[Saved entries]
....

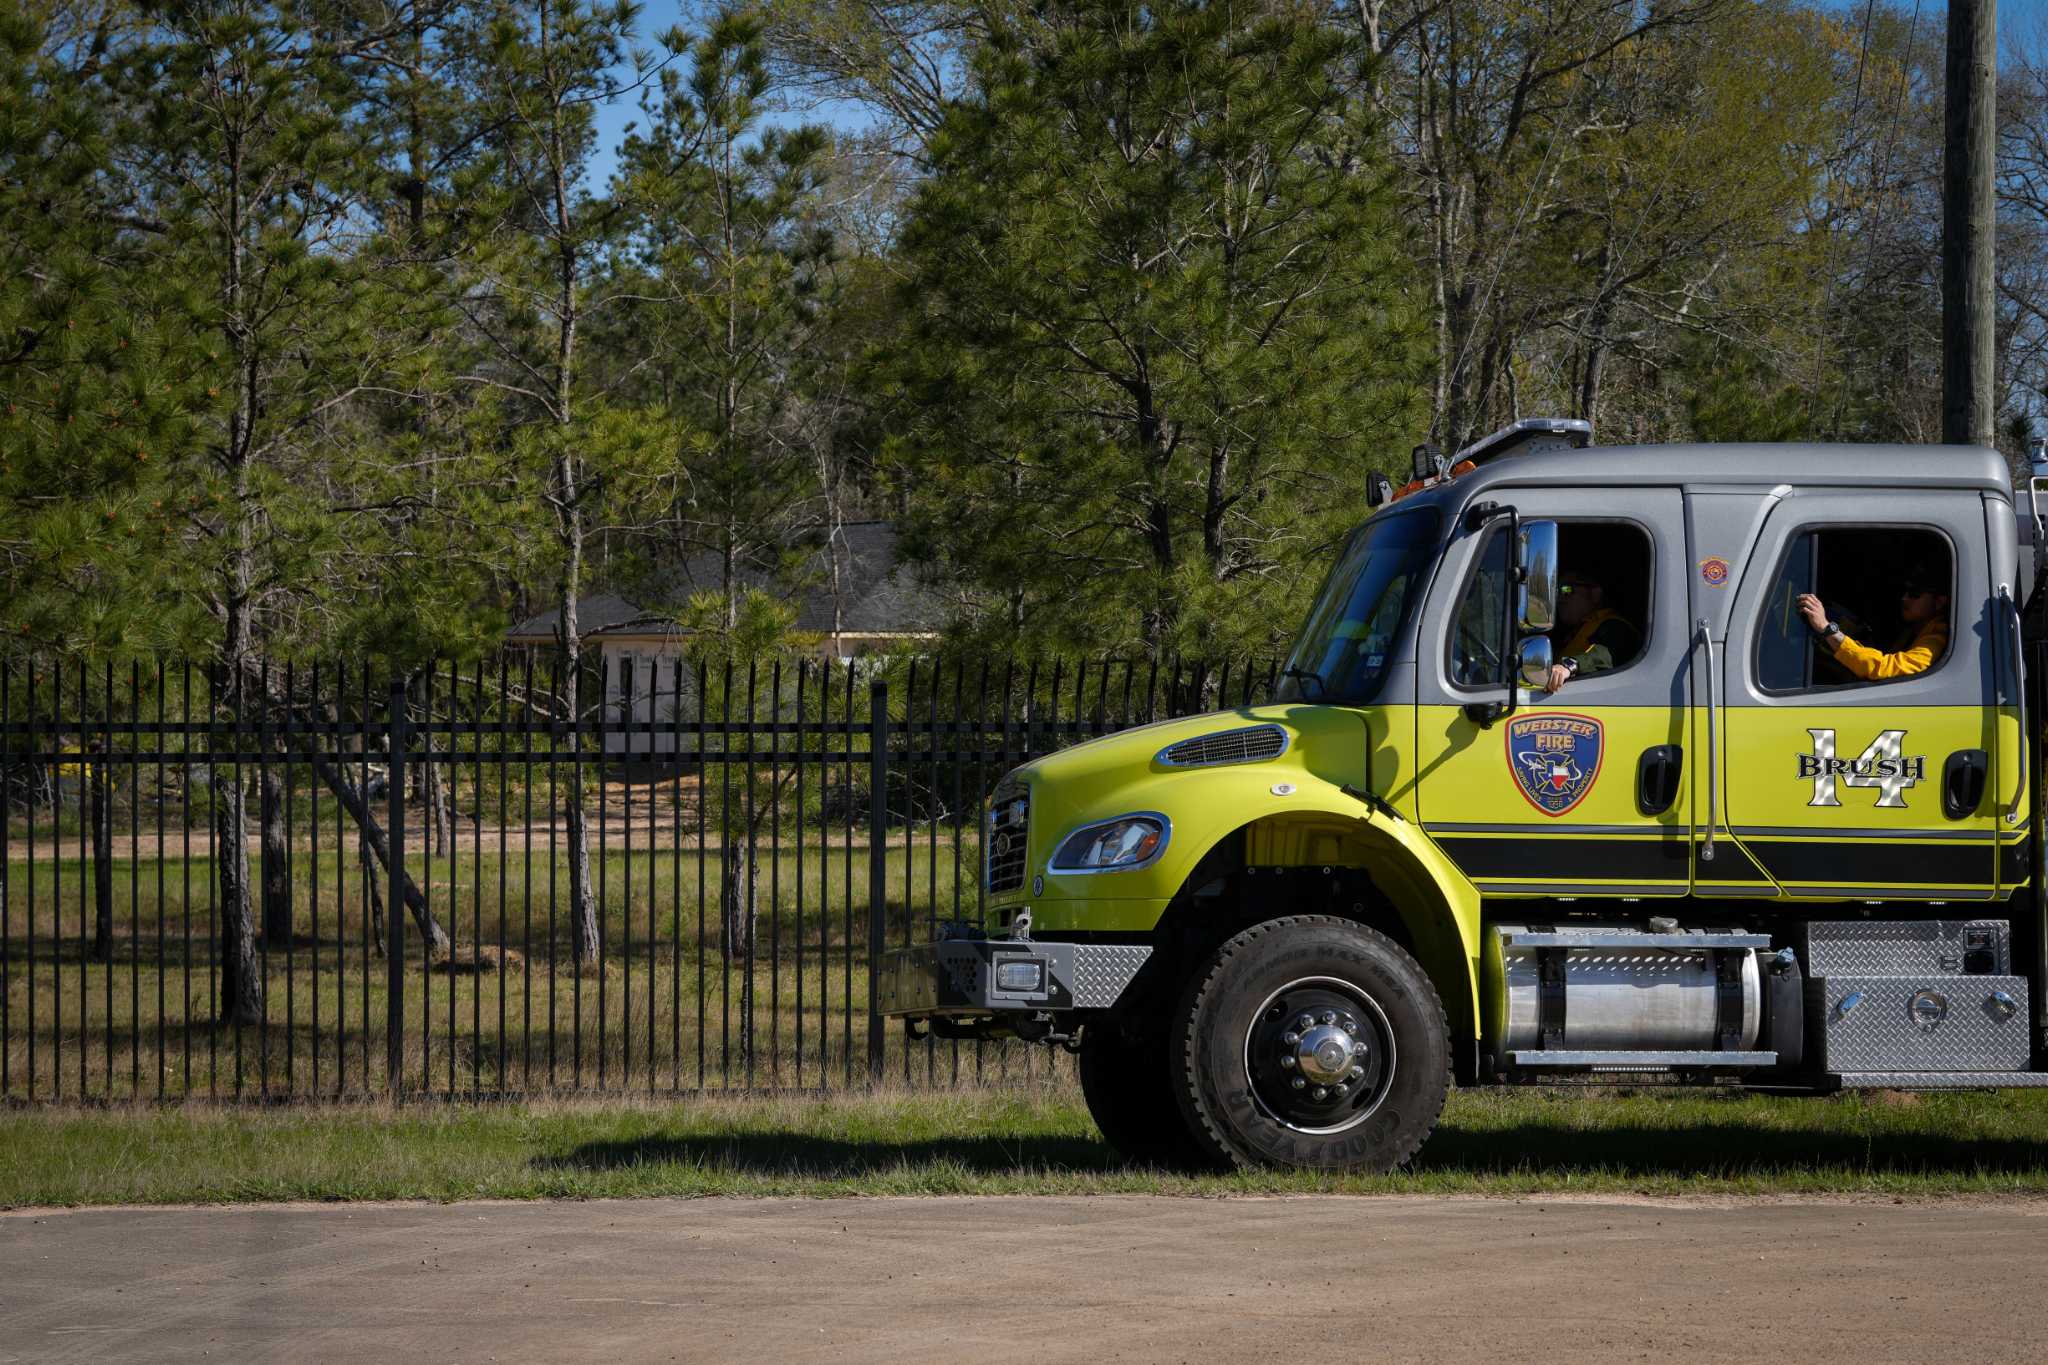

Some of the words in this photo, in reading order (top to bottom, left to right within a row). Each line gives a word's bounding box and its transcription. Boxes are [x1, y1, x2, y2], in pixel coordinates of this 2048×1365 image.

[1513, 720, 1597, 738] WEBSTER
[1536, 734, 1575, 751] FIRE
[1797, 754, 1926, 780] BRUSH
[1806, 728, 1915, 808] 14

....

* Work order
Every line above gets copied exactly; none of the pictures do.

* Solved exercise
Some of the words in this photo, in reading order (top to bottom, left to right within a row). Each line gives a word's bounding box and its transcription. Boxes are [x1, y1, x2, y2], in pixel coordinates of this 2048×1365 image.

[1513, 720, 1597, 738] WEBSTER
[1536, 734, 1575, 751] FIRE
[1797, 754, 1926, 780] BRUSH
[1806, 728, 1915, 808] 14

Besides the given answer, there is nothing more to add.